*** Begin section ***
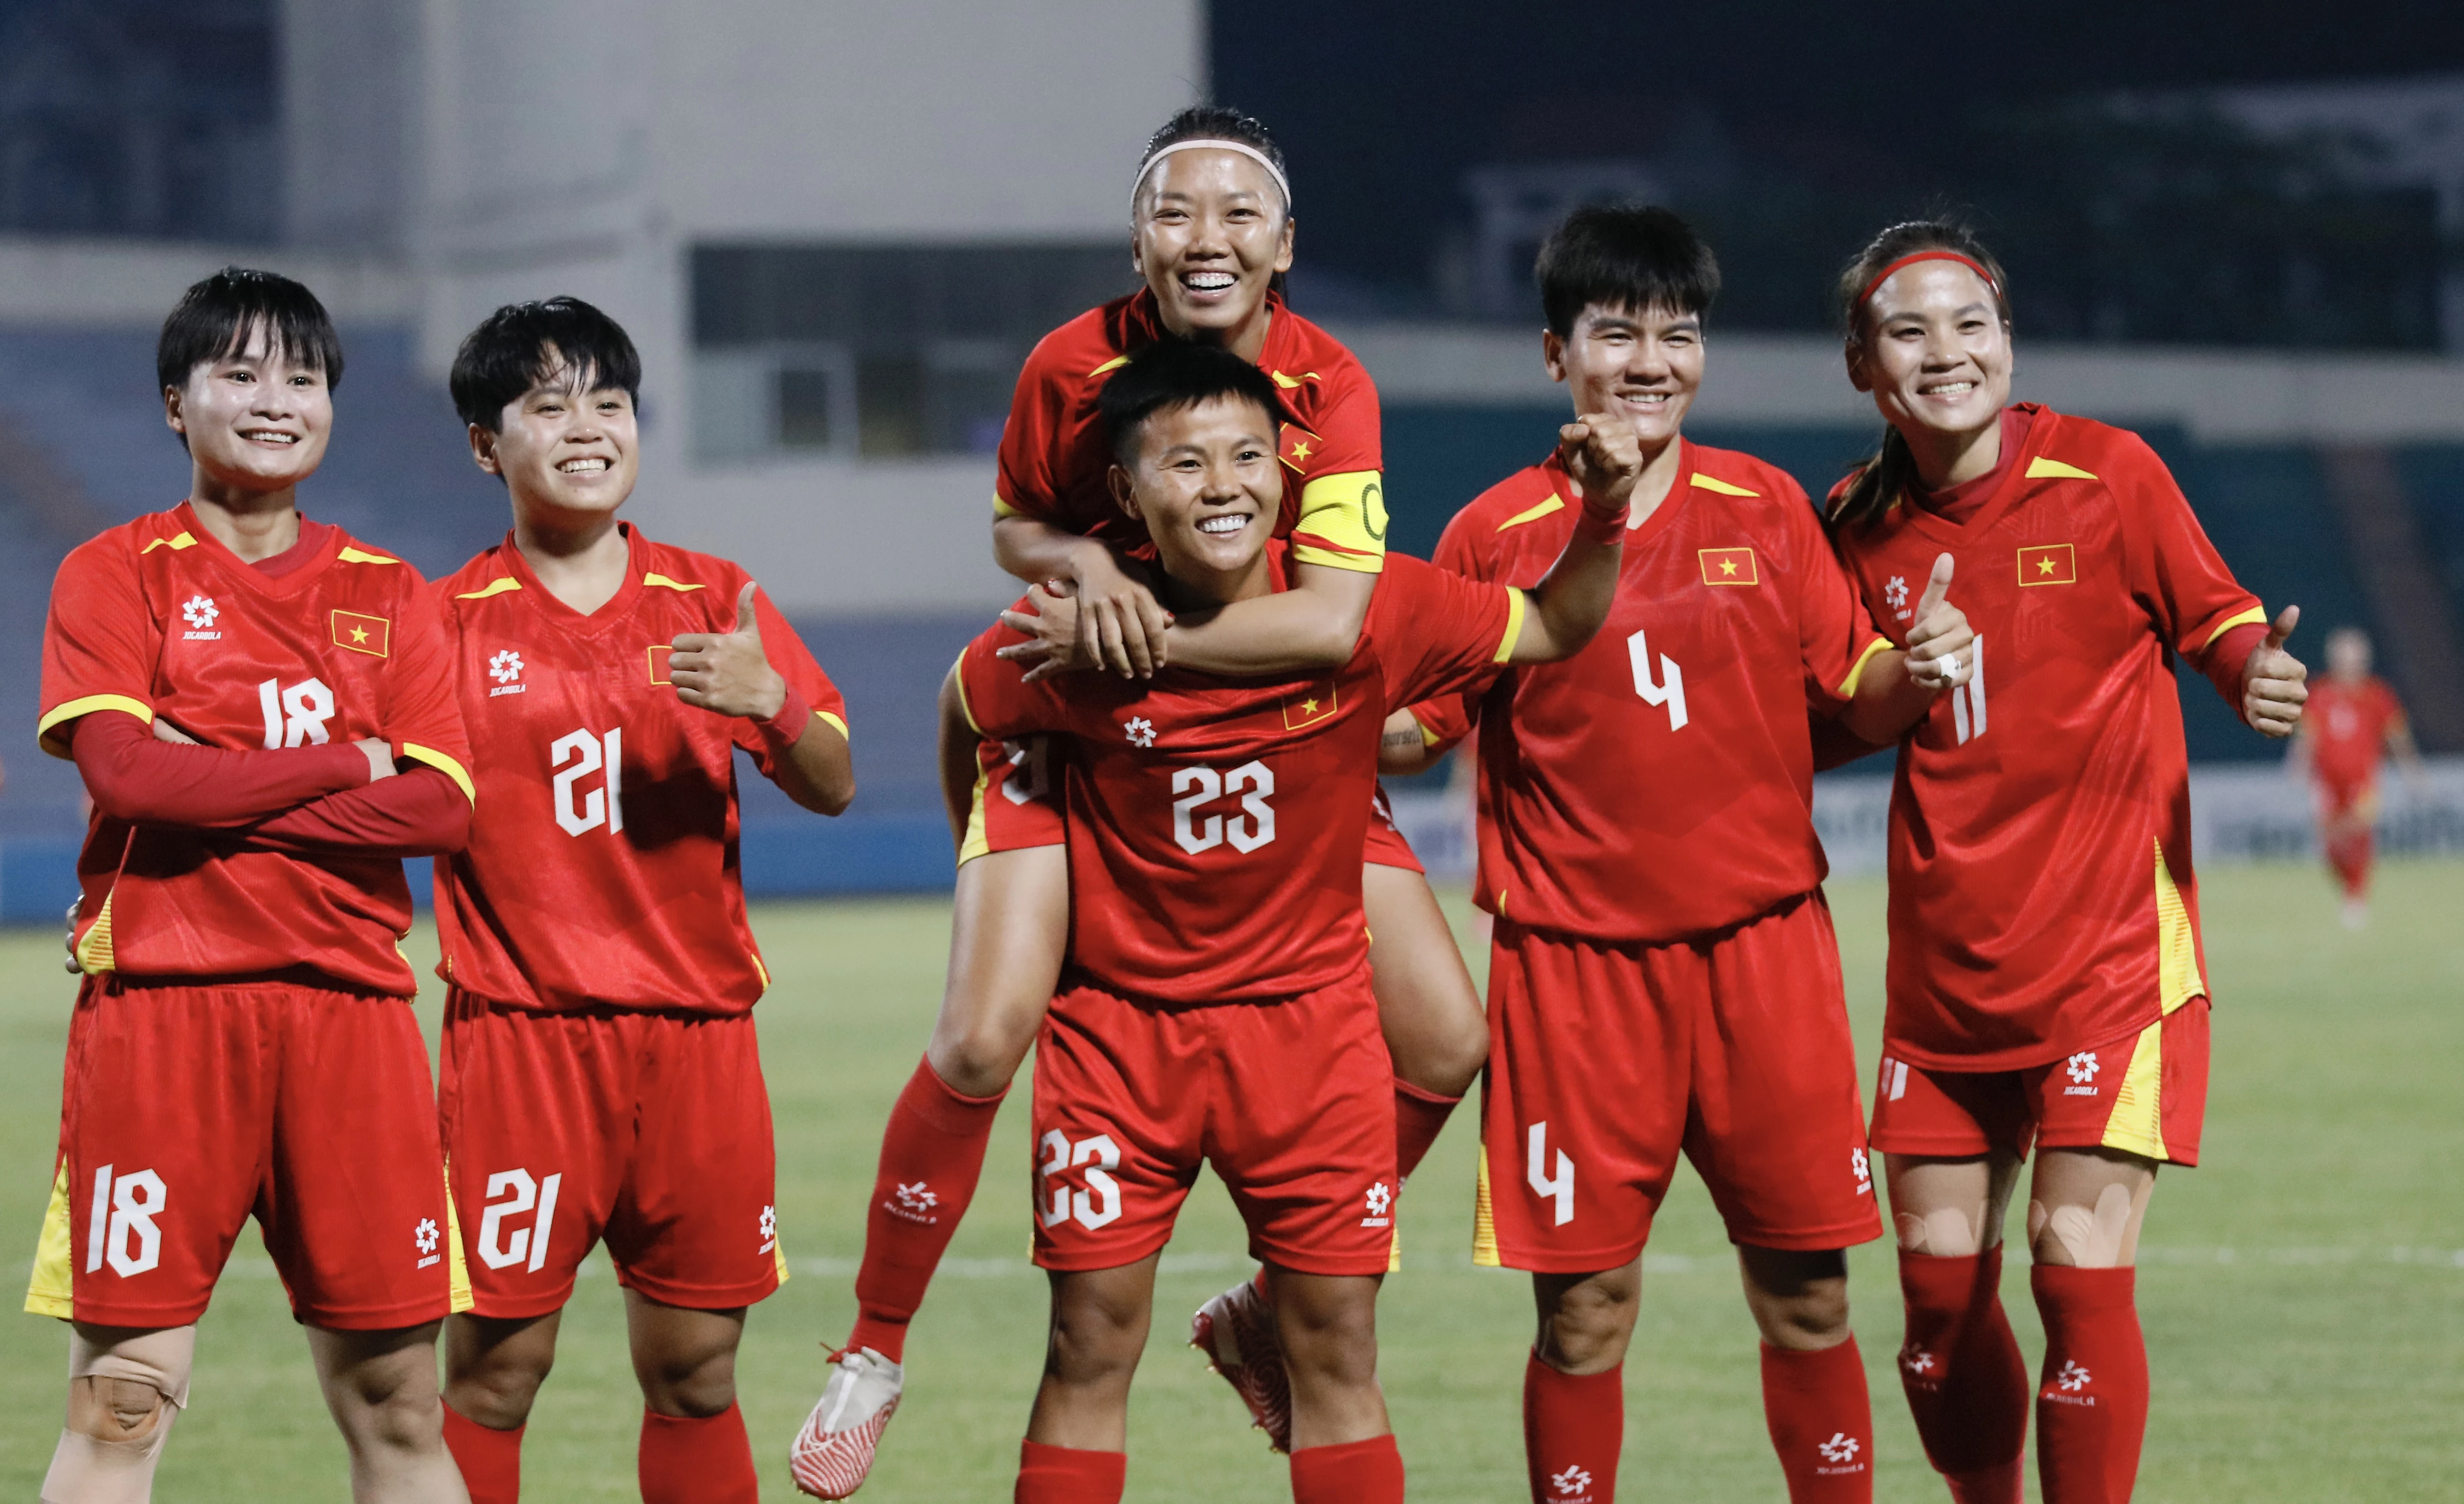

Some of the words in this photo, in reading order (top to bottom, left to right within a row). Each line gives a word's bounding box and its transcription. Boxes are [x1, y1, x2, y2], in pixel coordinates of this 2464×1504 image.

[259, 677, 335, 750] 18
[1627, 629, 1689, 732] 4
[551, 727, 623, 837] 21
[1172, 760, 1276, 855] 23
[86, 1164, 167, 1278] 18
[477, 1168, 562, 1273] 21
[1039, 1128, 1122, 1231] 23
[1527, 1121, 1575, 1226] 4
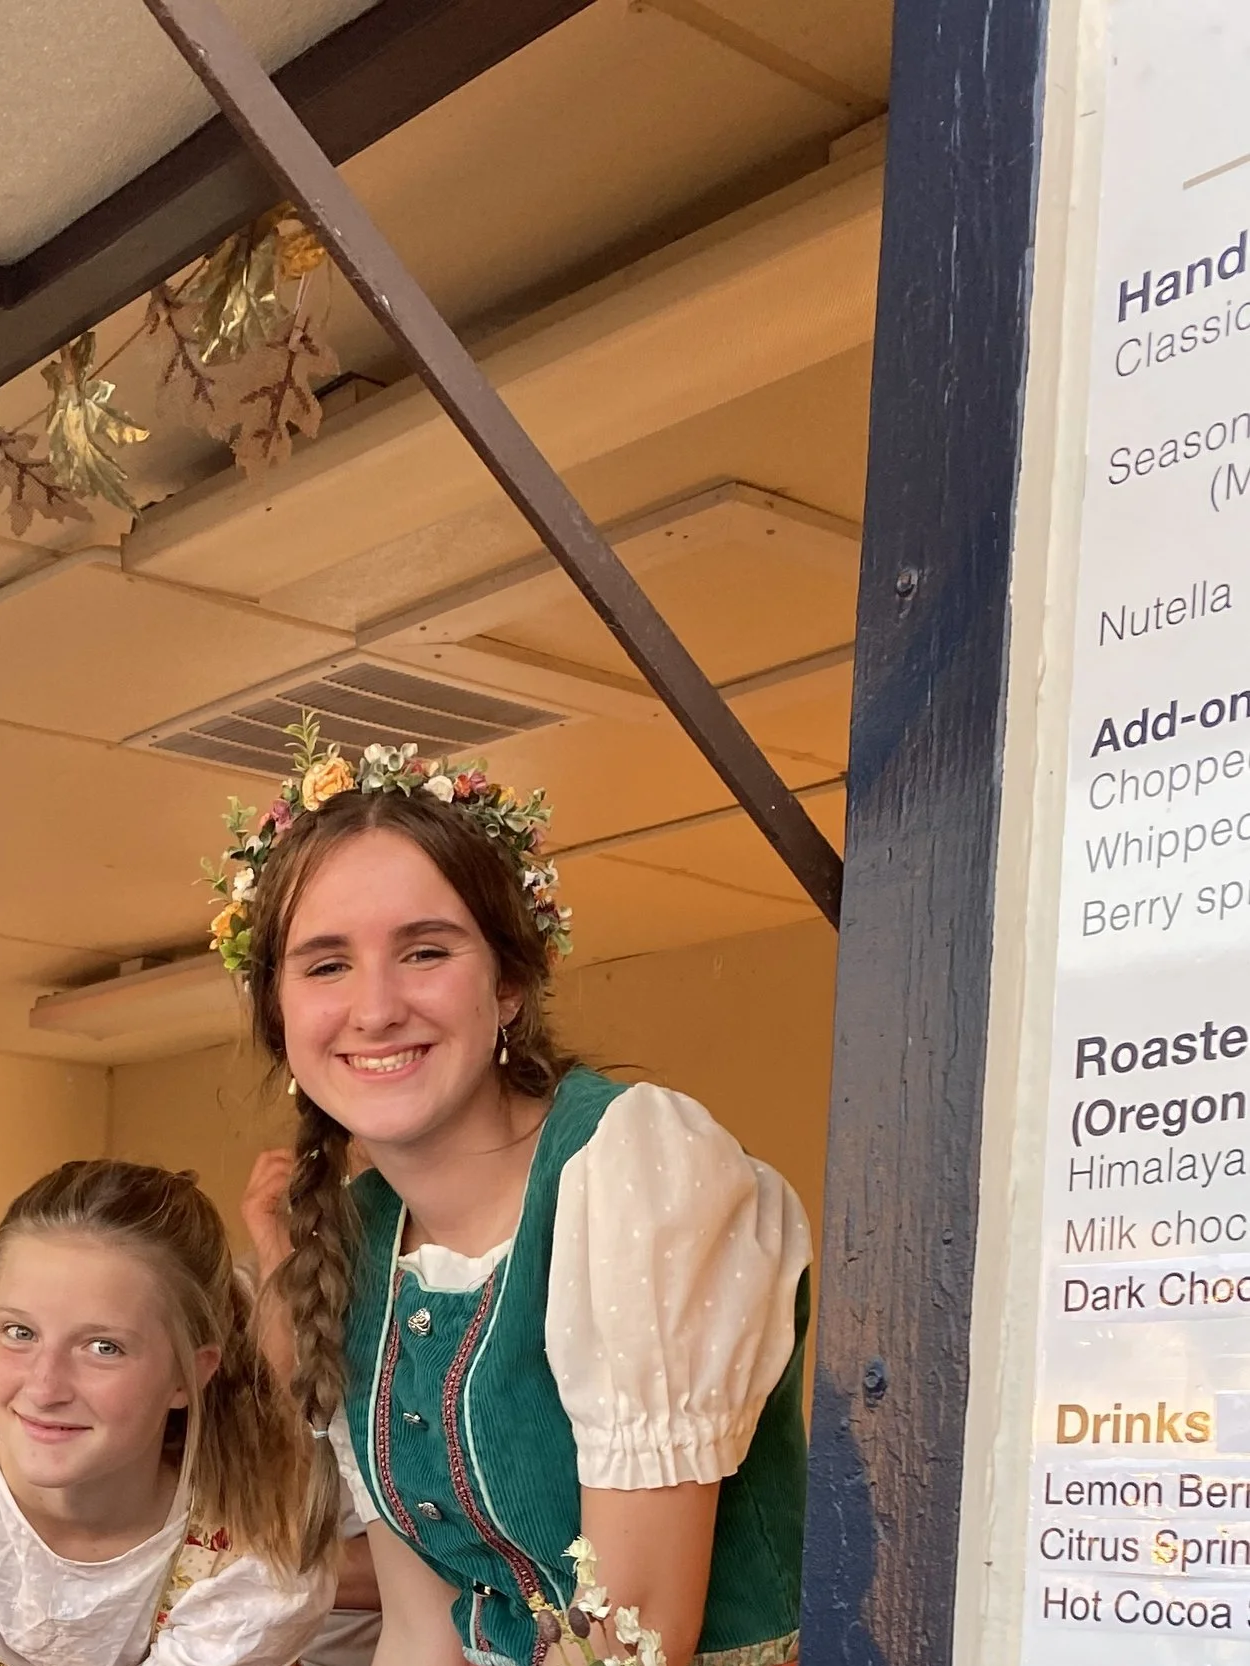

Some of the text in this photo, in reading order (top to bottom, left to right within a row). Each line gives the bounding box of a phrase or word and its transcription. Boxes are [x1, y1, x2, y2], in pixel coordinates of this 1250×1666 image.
*** End section ***
▶ **WHAT TO WORK ON**: Where a record holds a picture, skip the picture and copy everything else exactly.

▶ **SOLUTION TO THE EXERCISE**:
Some of the words in this photo, in reading order (top to bottom, left to right within a row). Each line gives a word's bounding box and its transcription. Boxes are [x1, y1, x2, y2], in pixel coordinates of this 2464×1504 image.

[259, 677, 335, 750] 18
[1627, 629, 1689, 732] 4
[551, 727, 623, 837] 21
[1172, 760, 1276, 855] 23
[86, 1164, 167, 1278] 18
[477, 1168, 562, 1273] 21
[1039, 1128, 1122, 1231] 23
[1527, 1121, 1575, 1226] 4

Some of the text in this photo, in reading order (top to bottom, left to right within a row). Each line gives the bounding box of a phrase or word and its transcription. Boxes are [x1, y1, x2, y2], in pixel coordinates of this 1250×1666 image.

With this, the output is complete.